Nilde, 108 anni: addio alla nonna d’acciaio

Ronago Se n’è andata in silenzio nella casa di riposo di Uggiate, dopo una vita che aveva definito un romanzo. A cento anni aveva messo un fuga un ladro che si era introdotto nella sua casa: «Aveva fame, gli ho dato dieci euro»

«Signore, se stanotte vuoi venire a prendermi, io sono pronta»: chissà per quante sere e per quanti anni, Nilde ha pregato così. E venti minuti dopo la mezzanotte di ieri, il Signore è venuto a prendere Leonilde Conconi, detta Nilde, che avrebbe compiuto 109 anni il 15 luglio prossimo e nella Casa Anziani di Uggiate Trevano dove si trovava solo dal 2018 si preparavano già a festeggiare il compleanno. Un record, visto che a livello nazionale tale longevità è un patrimonio di neppure cinquanta persone.

Arzilla e lucida fino a poco tempo fa, Nilde era la “mascotte” della Casa, coccolata dagli operatori, ma non c’era neppure bisogno di molte cure, mediche ed assistenziali per lei, che aveva superato anche il Covid, falce per quasi la metà degli ospiti.

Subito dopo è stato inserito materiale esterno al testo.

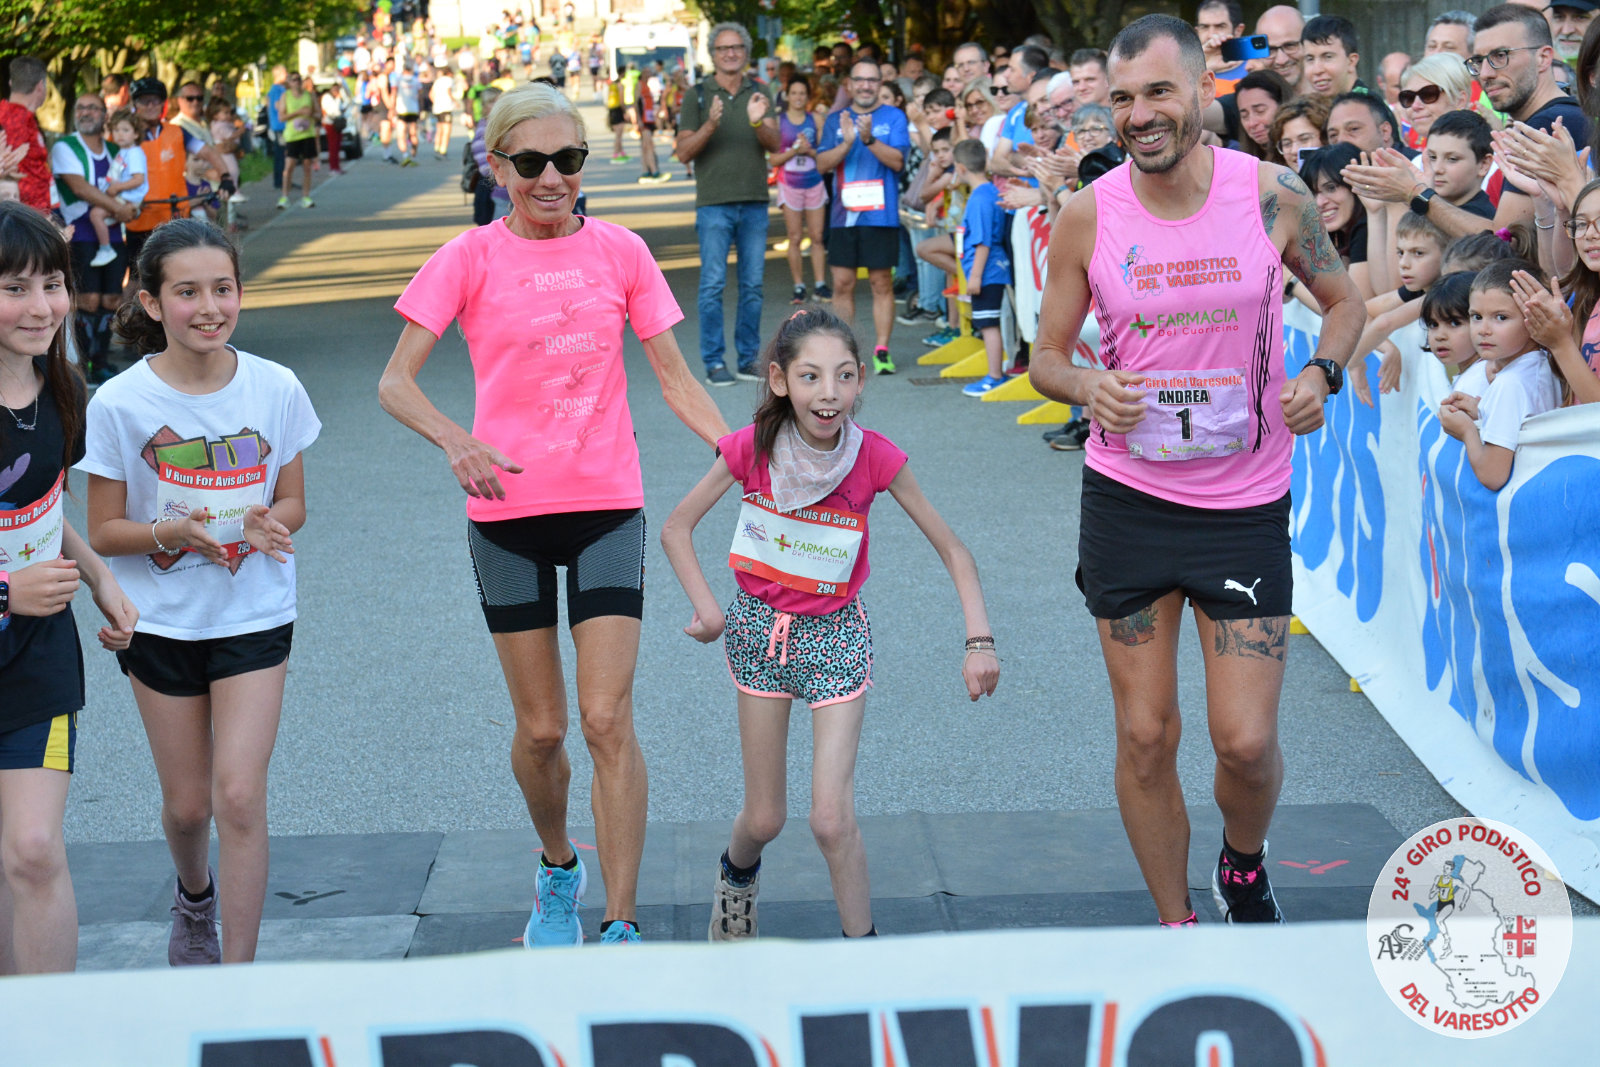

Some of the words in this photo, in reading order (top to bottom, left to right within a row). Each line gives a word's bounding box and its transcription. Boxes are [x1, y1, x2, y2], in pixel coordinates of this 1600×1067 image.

Lei era guarita: ago della flebo nel braccio, aveva alzato il pollice in segno di “tutto ok”, davanti alla macchina fotografica.

«Mai piangersi addosso – il suo motto – Reagire sempre: io ho sempre fatto così, con l’aiuto della fede». Fibra d’acciaio e cuore di bambagia, a cent’anni, ha reagito anche ad un individuo che, cappellaccio in testa e foulard in faccia, si era nascosto tra le rose e le ortensie del giardino di Nilde e aspettava il momento per rubare in casa. Ha tentato di entrare, ma Nilde gli ha sbattuto la porta in faccia, colpendolo ad un piede. «Ma perchè fai queste brutte cose?», gli ha chiesto. «Ho fame», ha detto lui. E allora lei gli ha dato dieci euro: «Prendi, mangia, vai e non fare più queste cose», gli ha raccomandato.

Lo sconosciuto si è dileguato e Nilde non ha perso né la calma, né il sonno: ha dormito nove ore di fila, quella volta, forse ha rimpianto solo di non aver potuto assistere a tutta la partita Italia–Norvegia. Era sempre informatissima su tutto e se la sua vita era «un romanzo», come la definiva, si è sempre interessata della vita degli altri, in parrocchia, l’Azione Cattolica, il catechismo, il volontariato, intessuti di preghiere, la corona del Rosario accanto al lavoro a maglia, alle parole incrociate «che mi tengono allenata la mente» e a Topolino. La sua passione e l’Associazione “Un sorriso in più”, le regalò l’abbonamento nell’ambito del progetto “Nipoti di Babbo Natale”, organizzato proprio dalla Casa Anziani.

Il matrimonio

«Un romanzo», la vita di Nilde, nata a Coldrerio, vicino a Mendrisio, ultimogenita di undici figli e che conobbe Silvio Somaini nel 1940, il bel carabiniere italiano che aspettò per sei anni e seppe dalla Croce Rossa svizzera che era vivo, in Calabria. Lei, intanto, assisteva i rifugiati in Canton Ticino.

Si sposarono, lui fu trasferito per servizio ad Ancona e lei lo seguì, sempre laboriosa, sempre premurosa verso gli altri, sempre devota, legata alle tradizioni e alla solidarietà. Dopo vent’anni, tornarono a Ronago, il figlio si laureò e Nilde diceva il vero quando raccontava: «Ricordo tutti nelle mie preghiere, i vivi e i morti ».

E poi concludeva la sua preghiera della sera: « Se mi chiami stanotte, Signore, abbi pietà di me». Proprio di notte è sopraggiunta la chiamata. Ciao Nilde.